=== What to produce ===
Write the data out in full and word for word. Do not include images.

=== Extracted records ===
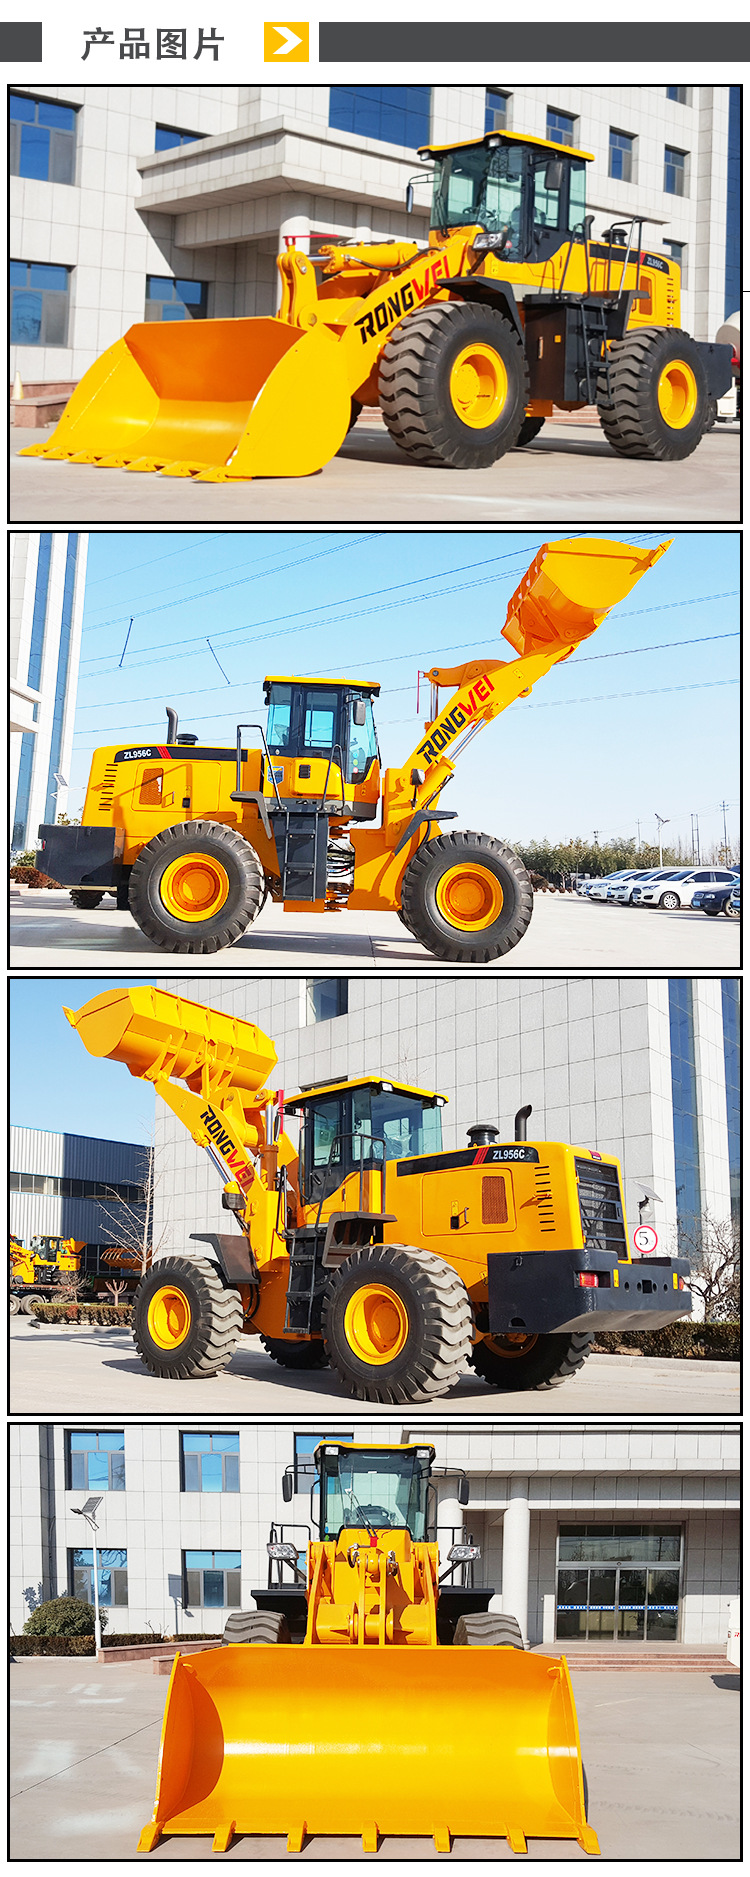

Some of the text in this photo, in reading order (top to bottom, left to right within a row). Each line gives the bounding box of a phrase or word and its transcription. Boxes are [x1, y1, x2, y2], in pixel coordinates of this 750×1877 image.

[354, 255, 450, 344] RONGWEI
[416, 674, 495, 764] RONGWEI
[123, 748, 152, 760] ZL956C
[200, 1104, 255, 1188] RONGWEI
[492, 1149, 525, 1160] ZL956C
[639, 1231, 649, 1246] 5
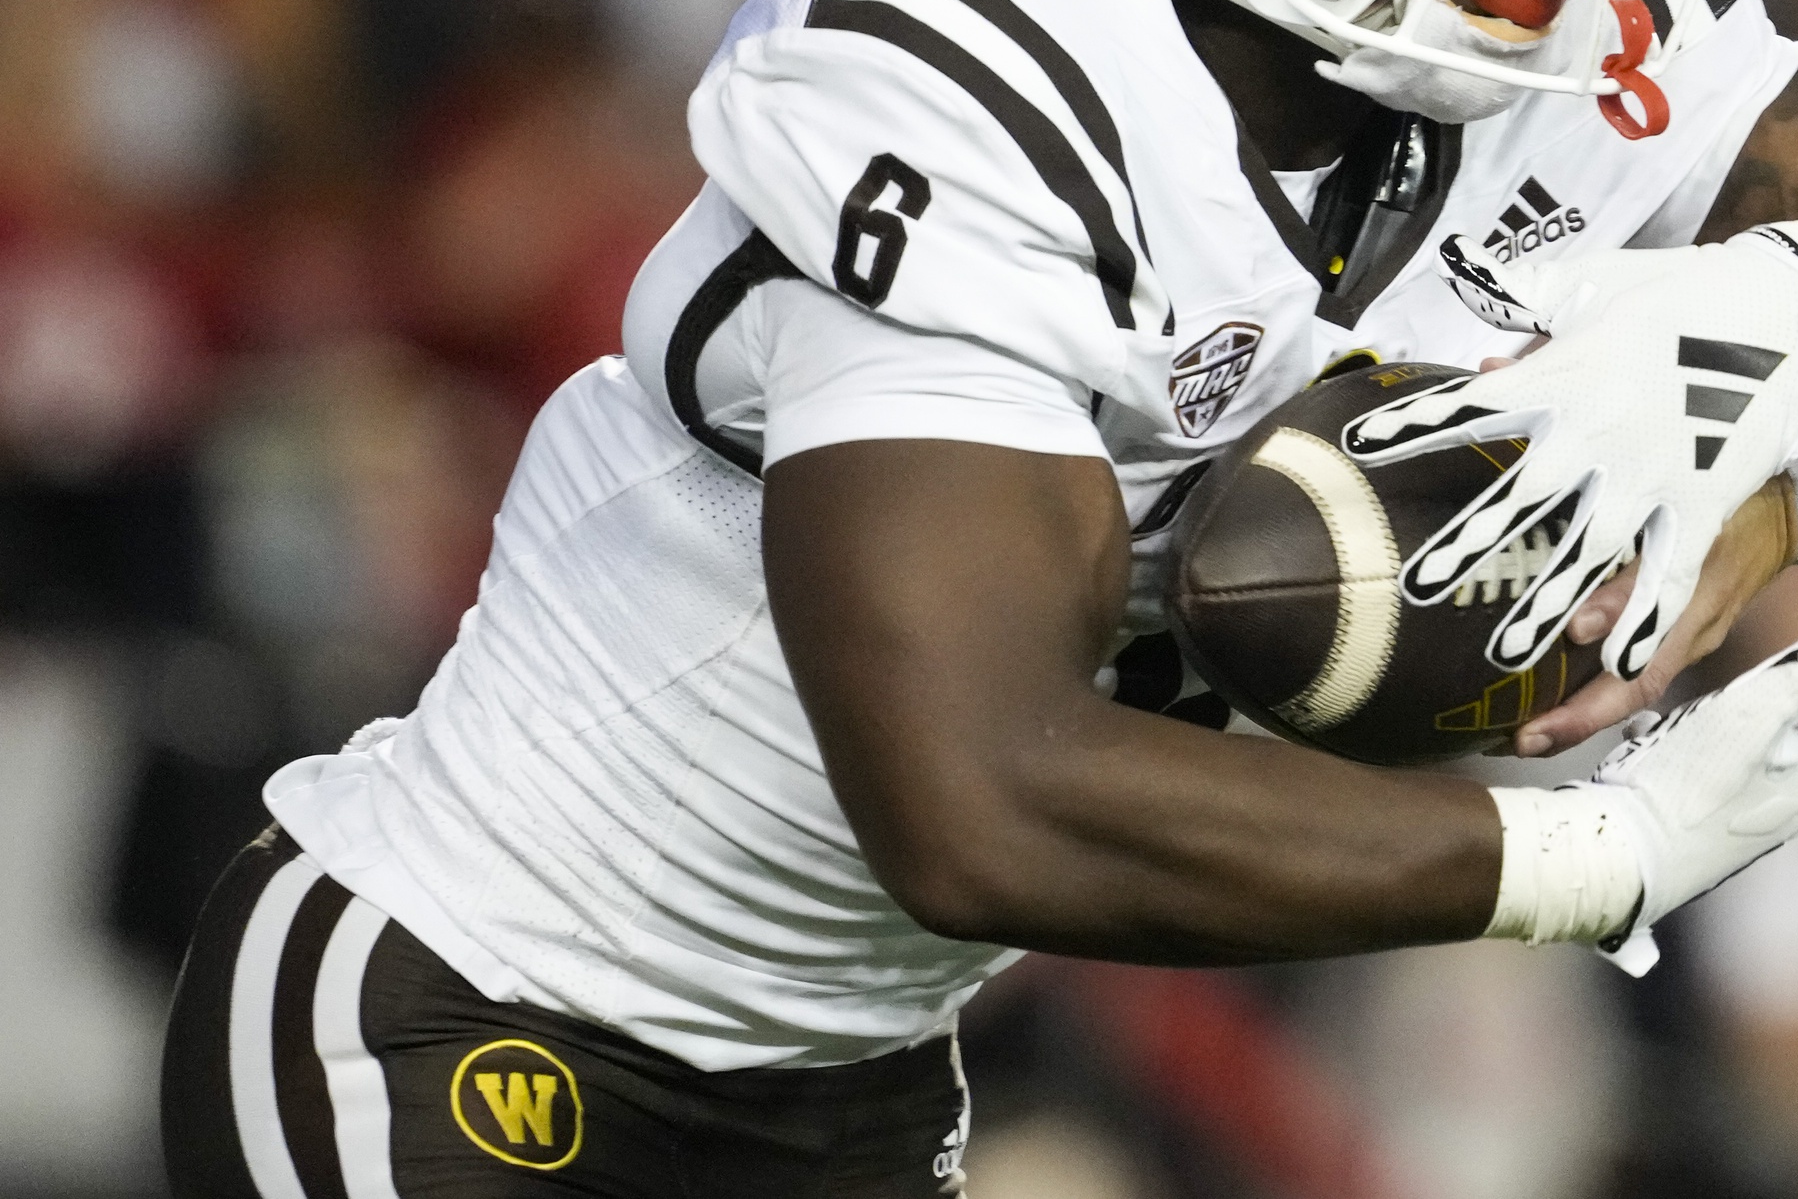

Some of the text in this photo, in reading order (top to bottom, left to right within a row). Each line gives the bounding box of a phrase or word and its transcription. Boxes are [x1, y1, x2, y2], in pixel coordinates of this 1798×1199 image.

[831, 152, 932, 311] 6
[1494, 206, 1586, 265] didas
[1172, 352, 1255, 407] MAC
[474, 1071, 558, 1147] W
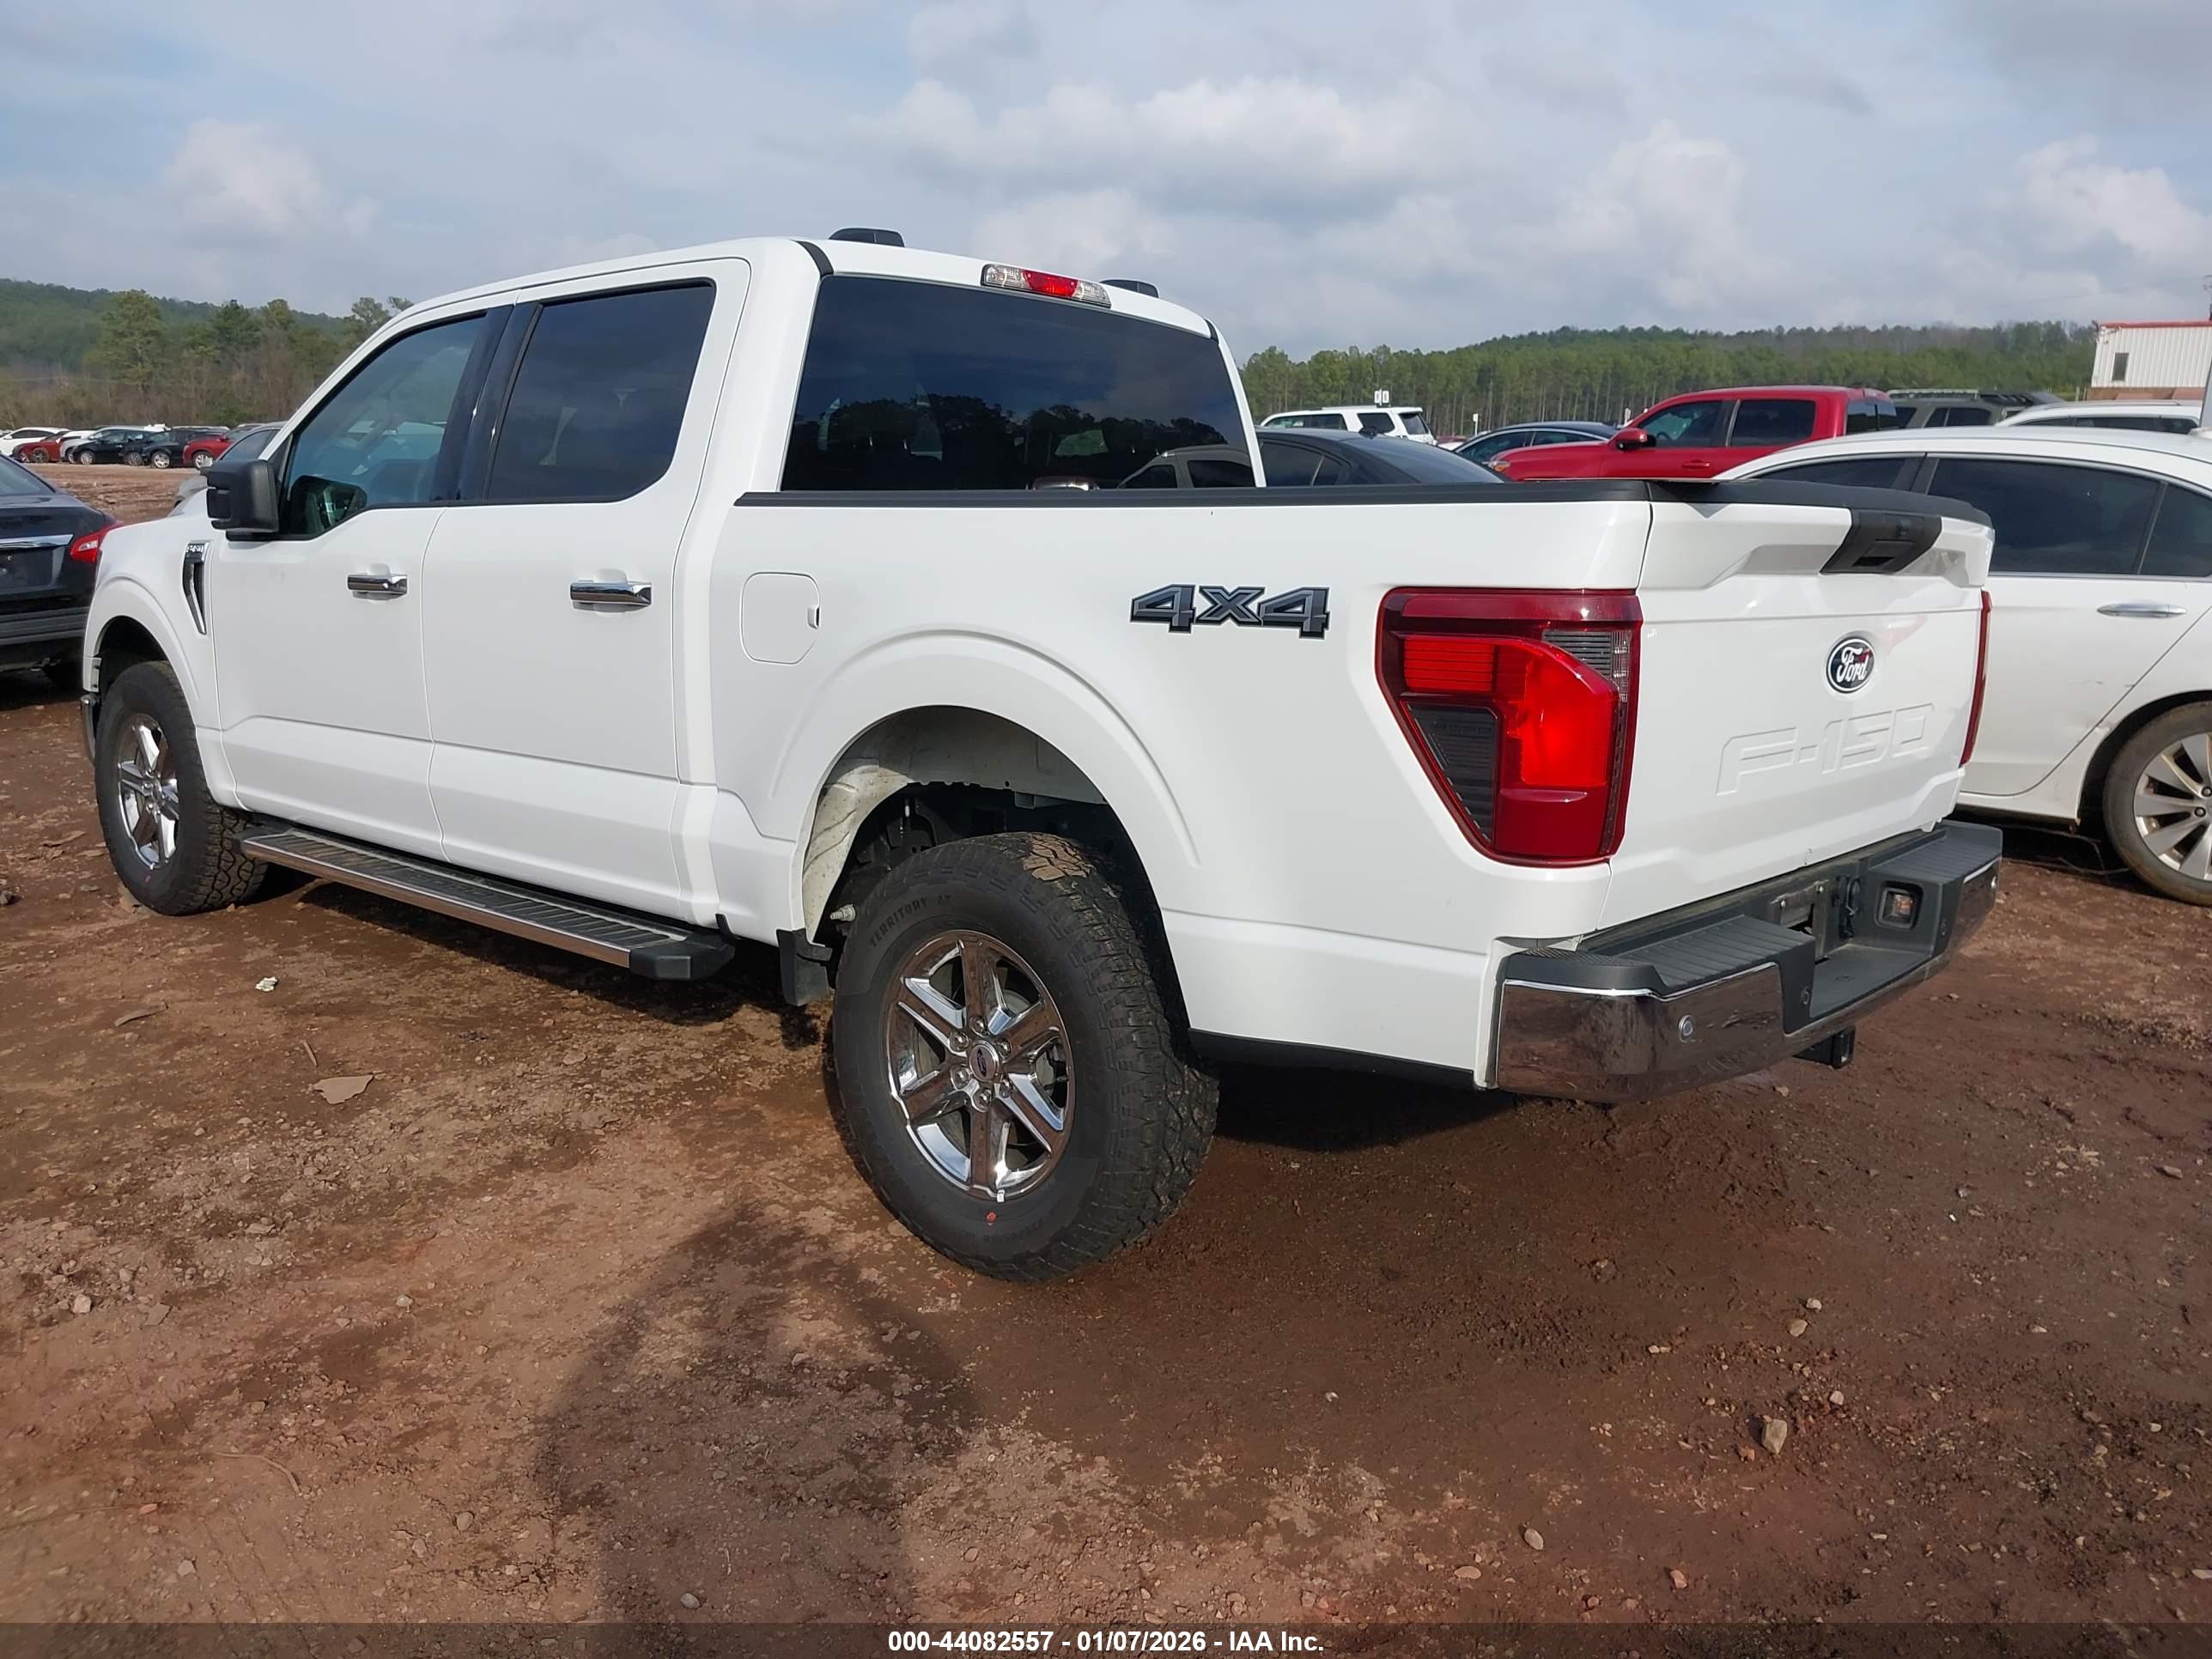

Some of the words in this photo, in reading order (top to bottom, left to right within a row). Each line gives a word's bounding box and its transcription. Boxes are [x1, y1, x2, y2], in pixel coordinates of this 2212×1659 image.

[1837, 647, 1869, 683] Ford
[1717, 702, 1935, 796] F-150
[869, 896, 928, 947] TERRITORY

=== Exercise response ===
Some of the text in this photo, in reading order (top to bottom, left to right within a row). Each line gives the bounding box of a phrase or word and its transcription. Boxes are [x1, y1, x2, y2], in pixel coordinates of this 750×1877 image.

[354, 255, 450, 344] RONGWEI
[416, 674, 495, 764] RONGWEI
[123, 748, 152, 760] ZL956C
[200, 1104, 255, 1188] RONGWEI
[492, 1149, 525, 1160] ZL956C
[639, 1231, 649, 1246] 5

Some of the text in this photo, in reading order (top to bottom, left to right within a row). Each line gives the bounding box of a phrase or word and its transcription. Boxes are [x1, y1, x2, y2], in pixel coordinates of this 1798×1199 image.

[831, 152, 932, 311] 6
[1494, 206, 1586, 265] didas
[1172, 352, 1255, 407] MAC
[474, 1071, 558, 1147] W

Some of the words in this photo, in reading order (top to bottom, left to right within a row). Each line gives a word's bounding box and its transcription. Boxes are [x1, y1, x2, y2], in pixel coordinates of this 2212×1659 image.

[1837, 647, 1869, 683] Ford
[1717, 702, 1935, 796] F-150
[869, 896, 928, 947] TERRITORY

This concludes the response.